== EXERCISE DIRECTIONS ==
Return the entries below word for word; no images should appear in the copy.
Top of EXERCISE DATA
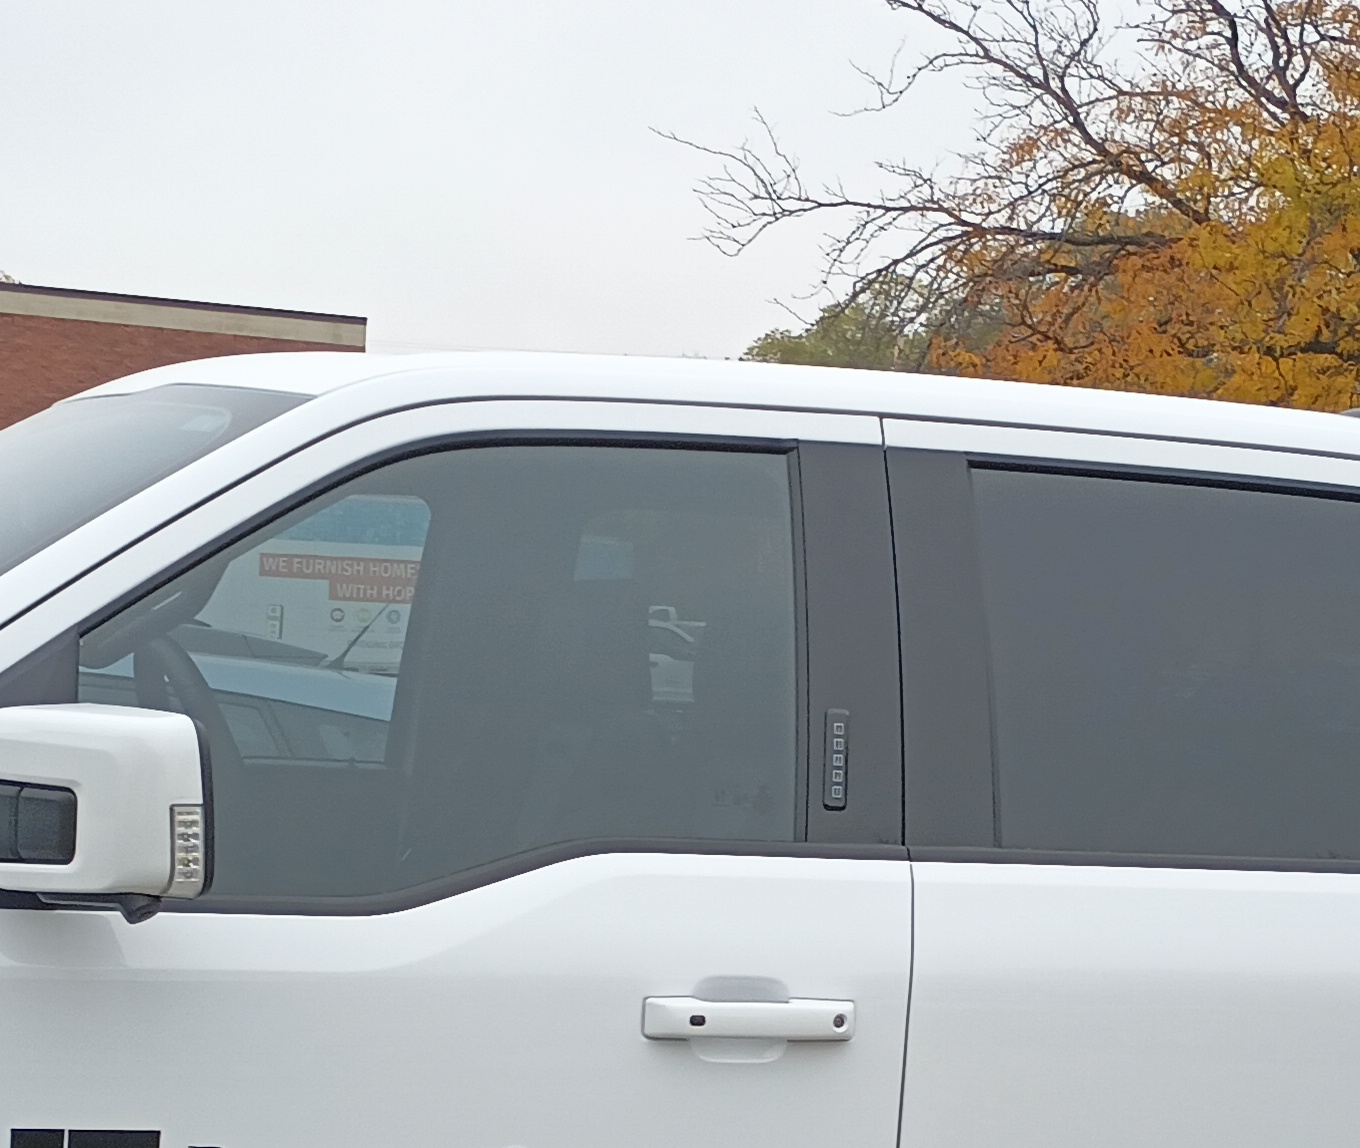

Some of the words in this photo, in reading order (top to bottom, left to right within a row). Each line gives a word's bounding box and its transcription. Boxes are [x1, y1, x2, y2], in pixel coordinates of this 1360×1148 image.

[263, 557, 289, 573] WE
[293, 558, 365, 577] FURNISH
[336, 583, 378, 599] WITH
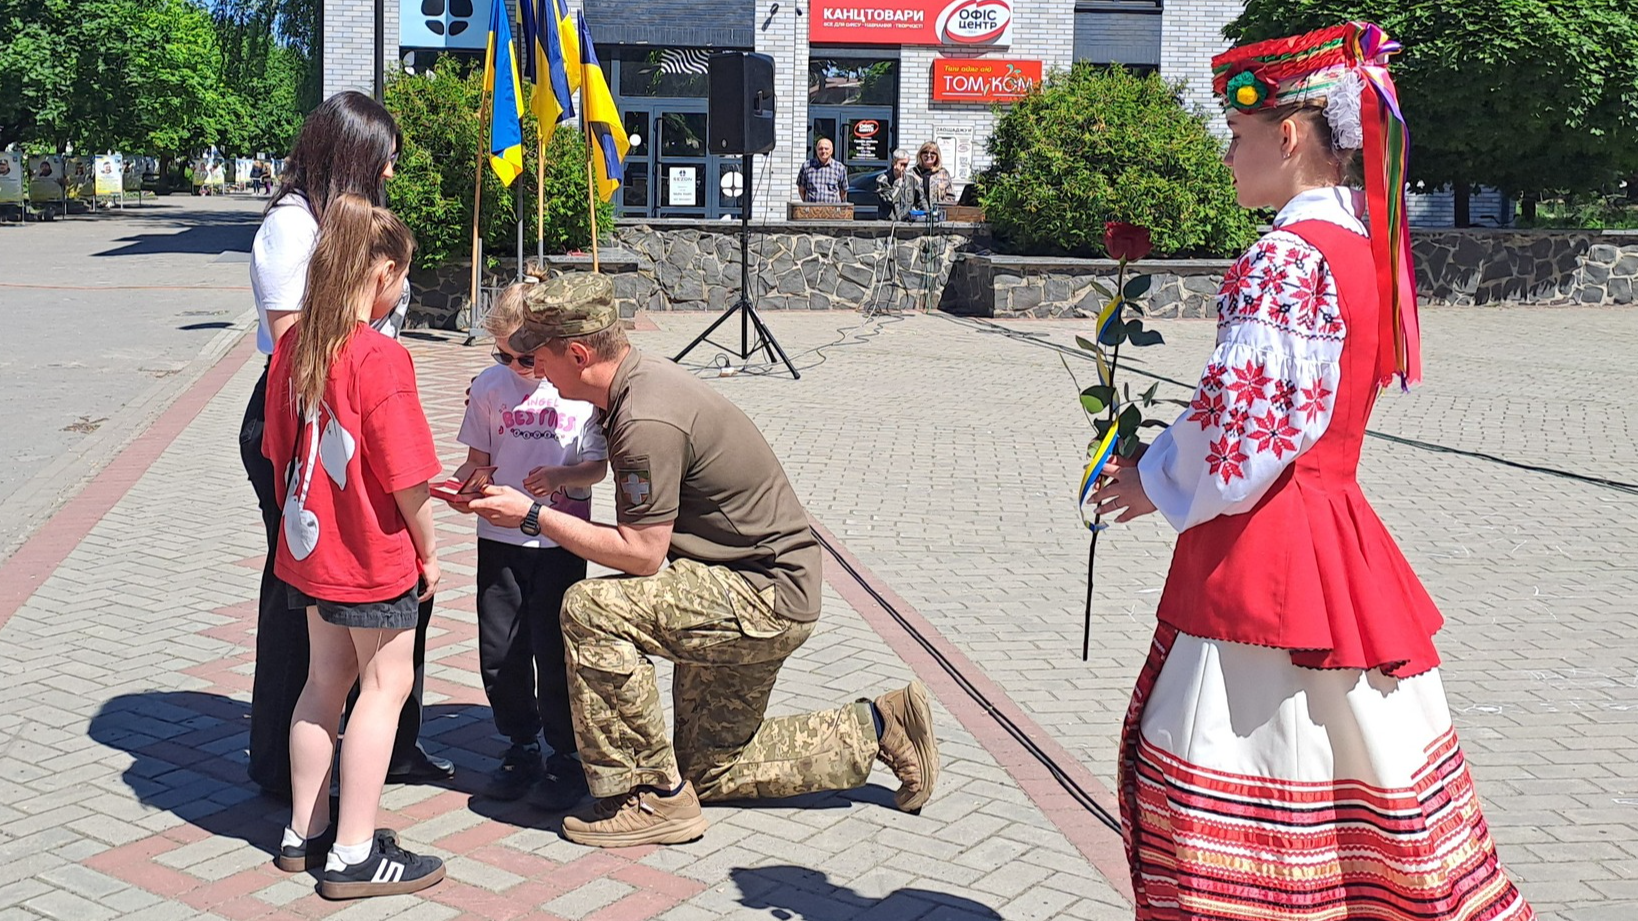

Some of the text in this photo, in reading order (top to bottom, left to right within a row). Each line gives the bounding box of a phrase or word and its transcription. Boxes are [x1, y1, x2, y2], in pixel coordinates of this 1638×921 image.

[823, 8, 924, 22] КАНЦТОВАРИ
[959, 9, 997, 20] ОФІС
[502, 408, 576, 432] BESTIES
Bottom of EXERCISE DATA
== RESULT FOR THIS EXERCISE ==
Some of the words in this photo, in reading order (top to bottom, left to right within a row). Each line gives a word's bounding box and its transcription. Boxes are [x1, y1, x2, y2], in pixel coordinates of this 1360×1148 image.

[263, 557, 289, 573] WE
[293, 558, 365, 577] FURNISH
[336, 583, 378, 599] WITH

Some of the text in this photo, in reading order (top to bottom, left to right within a row). Each line gives the bounding box of a phrase or word and its transcription. Boxes are [x1, y1, x2, y2], in pixel coordinates of this 1638×921 image.

[823, 8, 924, 22] КАНЦТОВАРИ
[959, 9, 997, 20] ОФІС
[502, 408, 576, 432] BESTIES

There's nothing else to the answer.